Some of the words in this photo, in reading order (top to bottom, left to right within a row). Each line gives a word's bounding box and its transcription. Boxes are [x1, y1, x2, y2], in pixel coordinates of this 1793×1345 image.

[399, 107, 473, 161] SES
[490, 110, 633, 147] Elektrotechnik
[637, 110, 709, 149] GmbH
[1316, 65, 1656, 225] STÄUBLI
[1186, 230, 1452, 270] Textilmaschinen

- - -

Exercise aim. Please retype the entries above in full, exactly as they stand.

Result for this exercise.
Some of the words in this photo, in reading order (top to bottom, left to right within a row). Each line gives a word's bounding box and its transcription. Boxes are [x1, y1, x2, y2], in pixel coordinates of this 1793×1345 image.

[399, 107, 473, 161] SES
[490, 110, 633, 147] Elektrotechnik
[637, 110, 709, 149] GmbH
[1316, 65, 1656, 225] STÄUBLI
[1186, 230, 1452, 270] Textilmaschinen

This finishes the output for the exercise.